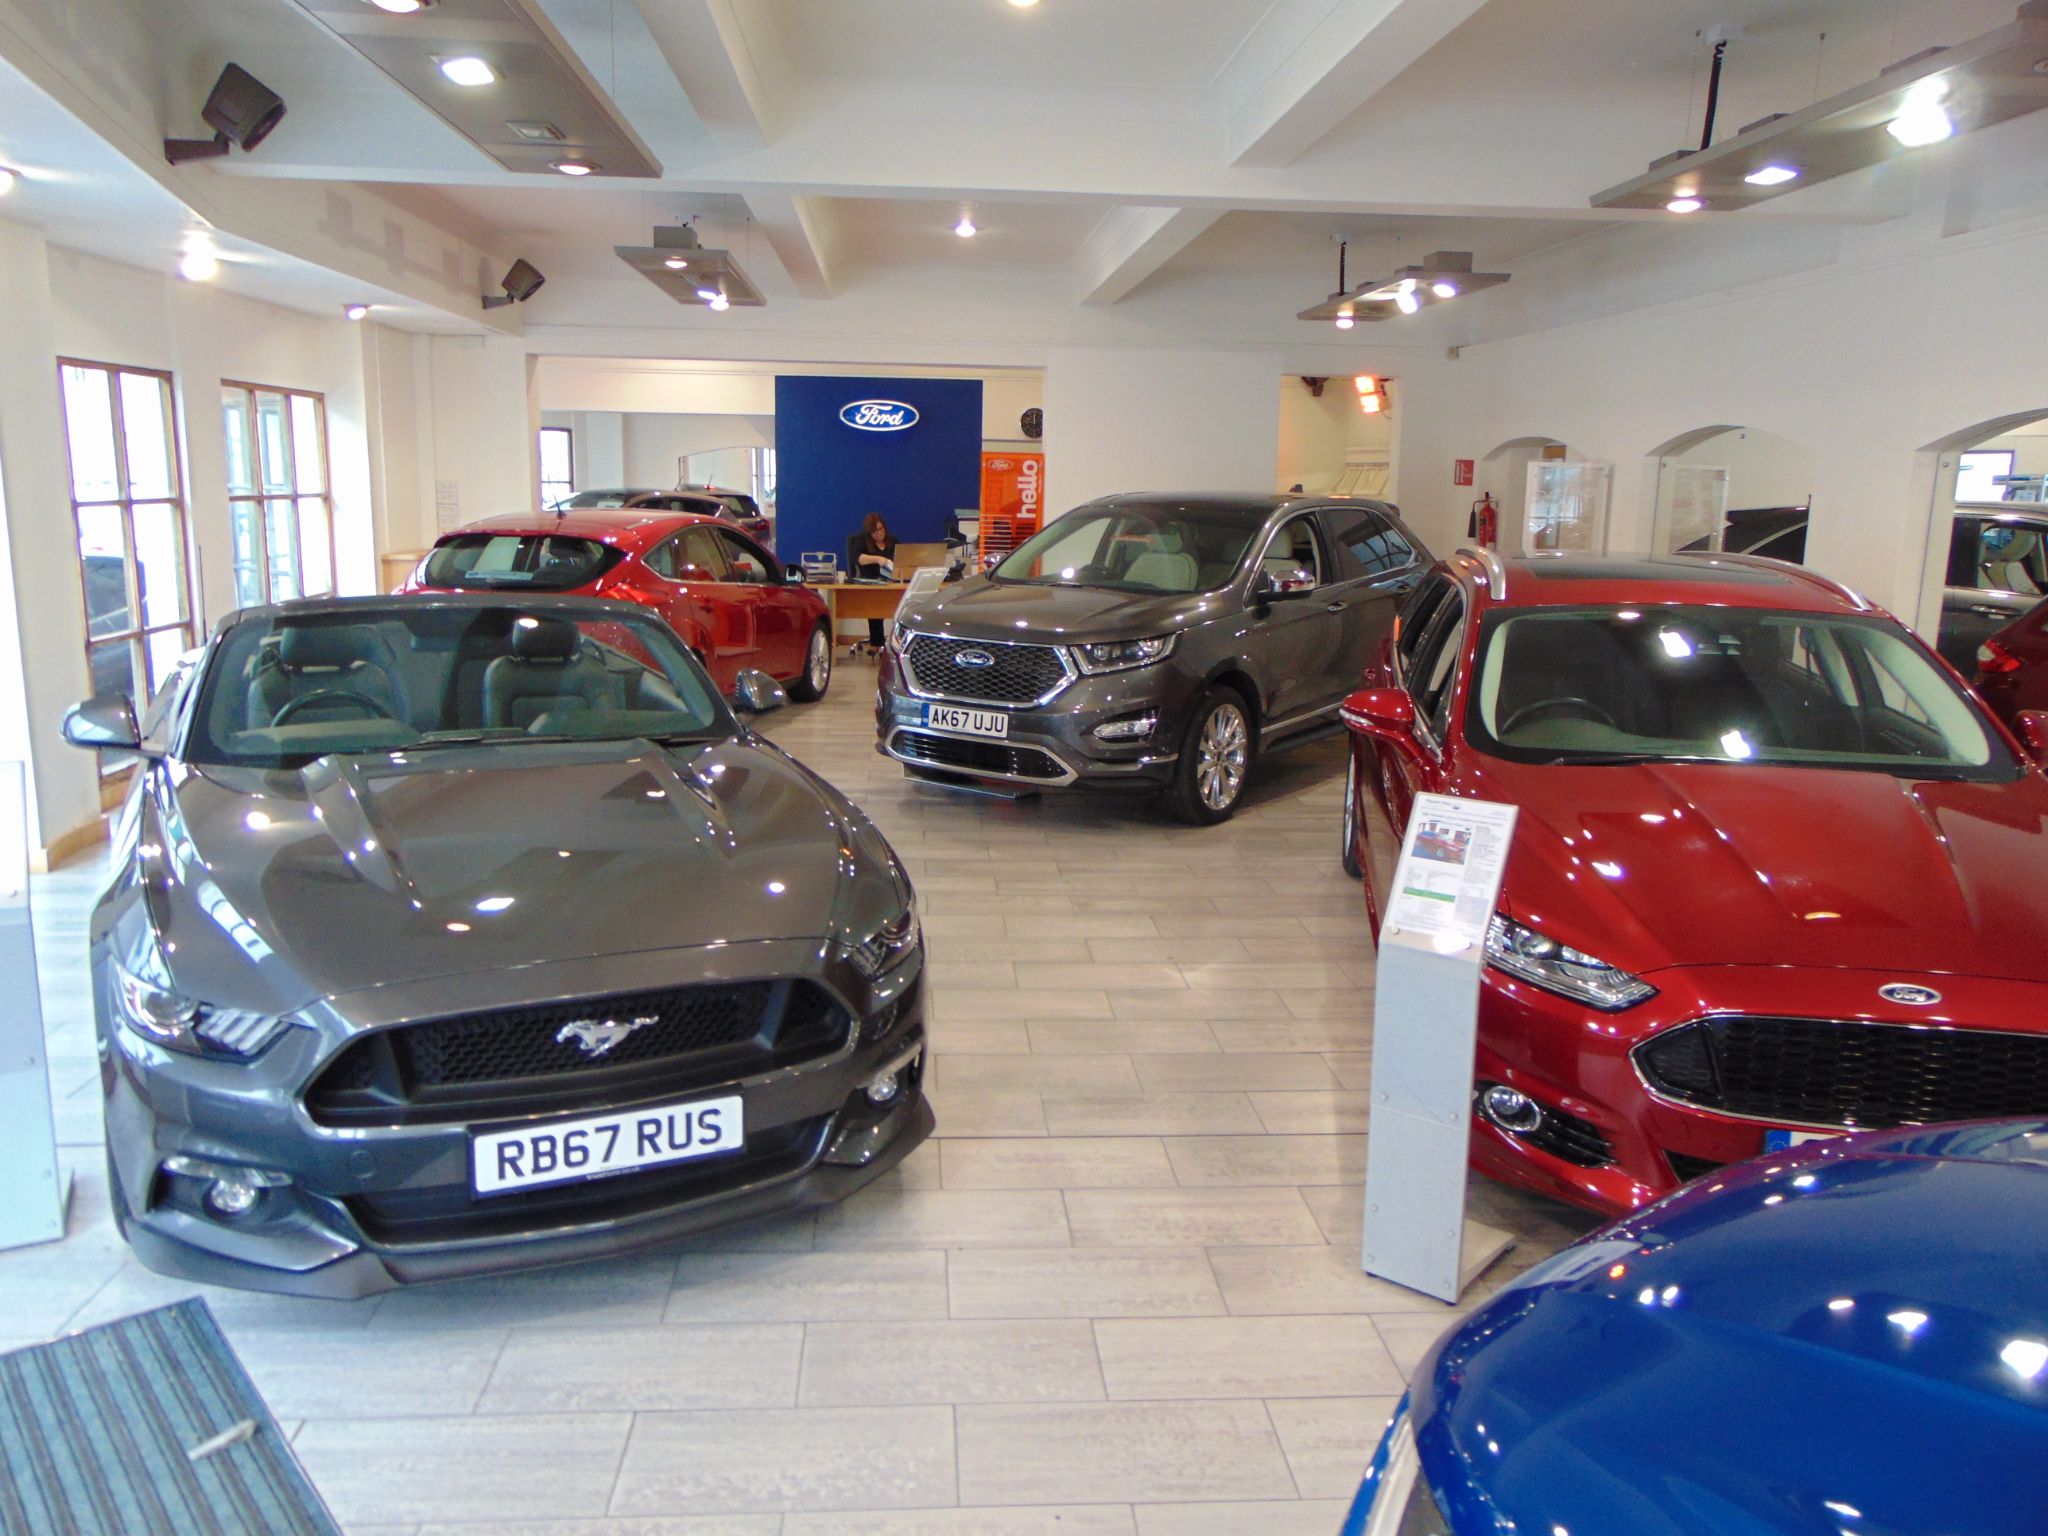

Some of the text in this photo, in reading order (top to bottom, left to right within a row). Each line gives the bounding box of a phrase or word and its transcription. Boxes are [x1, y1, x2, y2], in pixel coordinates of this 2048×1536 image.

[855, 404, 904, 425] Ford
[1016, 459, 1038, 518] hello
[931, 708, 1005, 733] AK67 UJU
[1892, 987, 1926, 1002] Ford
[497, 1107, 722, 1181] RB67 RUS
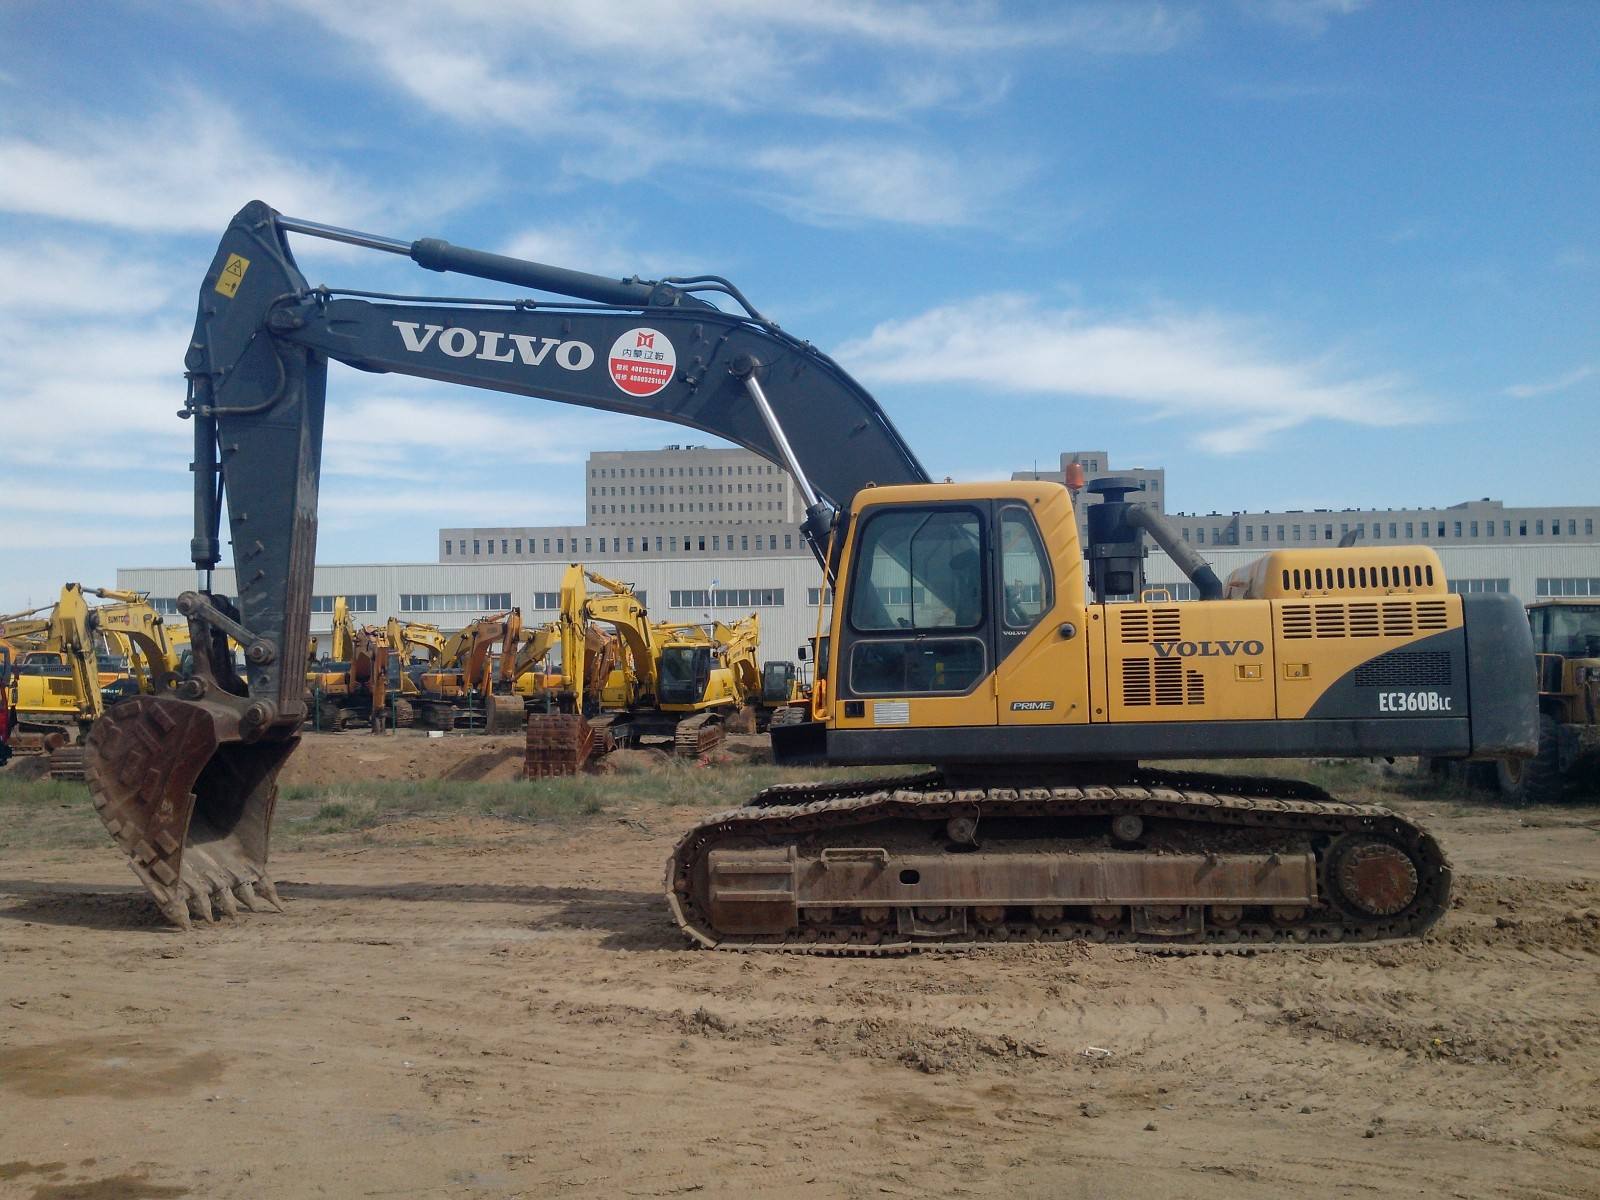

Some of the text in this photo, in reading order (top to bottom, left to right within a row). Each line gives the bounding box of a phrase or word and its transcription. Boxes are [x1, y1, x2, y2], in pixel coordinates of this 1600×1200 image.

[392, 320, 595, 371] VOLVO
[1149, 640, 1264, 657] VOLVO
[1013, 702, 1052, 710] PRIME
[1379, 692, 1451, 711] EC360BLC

::::::

__TASK TO CARRY OUT__
Reproduce the material word for word, minus the images.

__ANSWER__
Some of the text in this photo, in reading order (top to bottom, left to right within a row). Each line gives the bounding box of a phrase or word and its transcription. Boxes are [x1, y1, x2, y2], in pixel coordinates of this 2048×1536 image.

[855, 404, 904, 425] Ford
[1016, 459, 1038, 518] hello
[931, 708, 1005, 733] AK67 UJU
[1892, 987, 1926, 1002] Ford
[497, 1107, 722, 1181] RB67 RUS

Some of the text in this photo, in reading order (top to bottom, left to right within a row). Each line gives the bounding box of a phrase or word and its transcription. Boxes are [x1, y1, x2, y2], in pixel coordinates of this 1600×1200 image.

[392, 320, 595, 371] VOLVO
[1149, 640, 1264, 657] VOLVO
[1013, 702, 1052, 710] PRIME
[1379, 692, 1451, 711] EC360BLC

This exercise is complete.